How the Very Best Content Curation Is Done on Social Media [SSM002]

Sep 15, 2016 5 min readPodcasts

What are some of the accounts you love to follow on social media?

For us, Moz’s Rand Fishkin and his enjoyable, educational Twitter feed is right near the top.

Rand shares all sorts of content on marketing, SEO, technology, and startups, and he does so with a fine eye toward curation. Content curation on social media is a great way to provide value to your audience and build your own brand. Rand has one of the strongest brands anywhere on social — 334,000 Twitter followers and an engaged audience.

How does he go about his content curation? How do Moz’s TAGFEE values fit within Rand’s digital strategy? We were lucky to have the chance to sit down with Rand to discuss this and more, and we’d love to invite you to listen in.

How to listen: iTunes | Google Play | SoundCloud | Stitcher | RSS

In this episode, here is what you’ll learn:

Rand Fishkin reveals his secrets to curating the best content from around the web for social media and how TAGFEE (Moz’s core values) plays into everything he does in marketing. Here are a handful of topics we covered that we think will make an impact for you in your marketing:

  • The business impact of running a values-driven company (3:31)
  • The 4 most essential tools used by Rand to discover unique content and ideas (12:25)
  • The future of curate-worthy content [hint: visuals will be key!] (17:32)
  • How and why being great at content can help with SEO (20:00)
  • How to source ideas from your community for curation and creation (23:48)

3 Content Curation Takeaways from Rand

In Rand’s words …

1. Everyone does best when they have a process and a set of guidelines.

“Hey, just go find some great stuff and share it socially.” That’s way too broad. If you give constraints, “Every day I want you to share five great things that will help this type of person in this industry. Here are the primary places where they’re participating on the web … here’s the news they read, here’s who they are, go share those top five. Publish an article on those top five. Share on social.”

2. Don’t make the mistake of thinking that content is a short-term investment with a short-term payoff.
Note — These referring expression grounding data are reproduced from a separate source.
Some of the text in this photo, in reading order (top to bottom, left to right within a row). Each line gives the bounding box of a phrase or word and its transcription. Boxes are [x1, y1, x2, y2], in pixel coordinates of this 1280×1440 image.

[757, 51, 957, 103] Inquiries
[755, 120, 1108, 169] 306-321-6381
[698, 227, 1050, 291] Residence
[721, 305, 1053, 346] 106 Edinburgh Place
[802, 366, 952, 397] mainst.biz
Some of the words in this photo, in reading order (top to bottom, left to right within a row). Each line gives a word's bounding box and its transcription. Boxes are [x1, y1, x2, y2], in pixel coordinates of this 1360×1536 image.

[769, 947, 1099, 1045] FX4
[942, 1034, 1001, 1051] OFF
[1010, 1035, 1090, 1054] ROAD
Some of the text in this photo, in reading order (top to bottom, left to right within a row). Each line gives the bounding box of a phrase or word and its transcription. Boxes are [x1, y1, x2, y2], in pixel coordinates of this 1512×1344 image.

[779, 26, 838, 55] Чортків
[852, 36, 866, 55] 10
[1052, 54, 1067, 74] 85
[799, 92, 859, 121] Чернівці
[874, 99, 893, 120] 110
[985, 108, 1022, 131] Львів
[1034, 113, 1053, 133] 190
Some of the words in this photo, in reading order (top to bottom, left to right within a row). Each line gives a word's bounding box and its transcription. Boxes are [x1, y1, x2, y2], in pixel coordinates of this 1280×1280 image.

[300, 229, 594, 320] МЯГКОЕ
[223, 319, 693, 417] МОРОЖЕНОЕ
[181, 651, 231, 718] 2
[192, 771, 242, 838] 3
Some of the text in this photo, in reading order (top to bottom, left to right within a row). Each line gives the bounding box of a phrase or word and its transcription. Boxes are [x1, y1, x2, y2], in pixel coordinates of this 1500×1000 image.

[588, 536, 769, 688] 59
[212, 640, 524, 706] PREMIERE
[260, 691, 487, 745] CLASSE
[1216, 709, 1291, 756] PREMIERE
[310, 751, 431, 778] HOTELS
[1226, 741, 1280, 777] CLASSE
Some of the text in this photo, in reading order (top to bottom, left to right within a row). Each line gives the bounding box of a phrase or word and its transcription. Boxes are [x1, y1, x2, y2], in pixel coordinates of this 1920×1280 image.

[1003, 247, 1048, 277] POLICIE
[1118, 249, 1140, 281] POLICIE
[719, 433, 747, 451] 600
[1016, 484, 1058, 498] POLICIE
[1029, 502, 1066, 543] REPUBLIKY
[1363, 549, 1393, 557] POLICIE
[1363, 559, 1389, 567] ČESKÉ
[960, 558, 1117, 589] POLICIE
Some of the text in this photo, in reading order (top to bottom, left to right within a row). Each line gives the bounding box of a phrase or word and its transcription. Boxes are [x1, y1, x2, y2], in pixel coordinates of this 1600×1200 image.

It is absolutely not.

The reason that content can be a competitive advantage is that so many people’s bosses and clients are saying, “Content is really hot. I want you to go invest.” And then two or three weeks later, they want to know, “What have yo done for me?” Guess what. That period of impatience — the expectation that content is going to behave like a paid marketing channel — is folly.

You might start to see a little bit return on investment in 90 days. In some fields, it’s going to take six months for you to be good enough to see any measurable impact.

3. When you are developing your values and committing to them, you need to also be aware that you’re going to have to need to go out and find like-minded people and a like-minded community that believe in those same values.

Those are the folks that your content, social updates, style is going to resonate with most.

It is tough to find that overlap and affinity in shared values. Pay attention to all the communities in your sphere and identify the ones from whom you can feel that clear core value affinity.

Mentionable quotes and shareable snippets

CLOUD

“That participation, that element of not just creating the community but truly being knee-deep in it is what gives you that empathy for your audience in such a way that you could never get on your own. I think it’s is folly to think that as a content marketer or content creator that you can go into any industry and be equally effective. You know, if you told me tomorrow, “Hey, Rand, you need to start writing about electrical engineering, I would say, ‘Okay, give me a year to learn and spend a bunch of time in there, and then I bet I’d be good at it.’ But unless I immerse myself in it, you’re not going to get anywhere near a fraction of what I can give you get if I’m writing about web marketing or startups or technology or the subjects I’m already immersed in.”

Show notes

Thanks a million for checking out this episode! Below are the people, companies, articles, and tools that were mentioned in today’s podcast. If you have any questions for us, feel free to drop us a line in the comments and we’ll respond right away!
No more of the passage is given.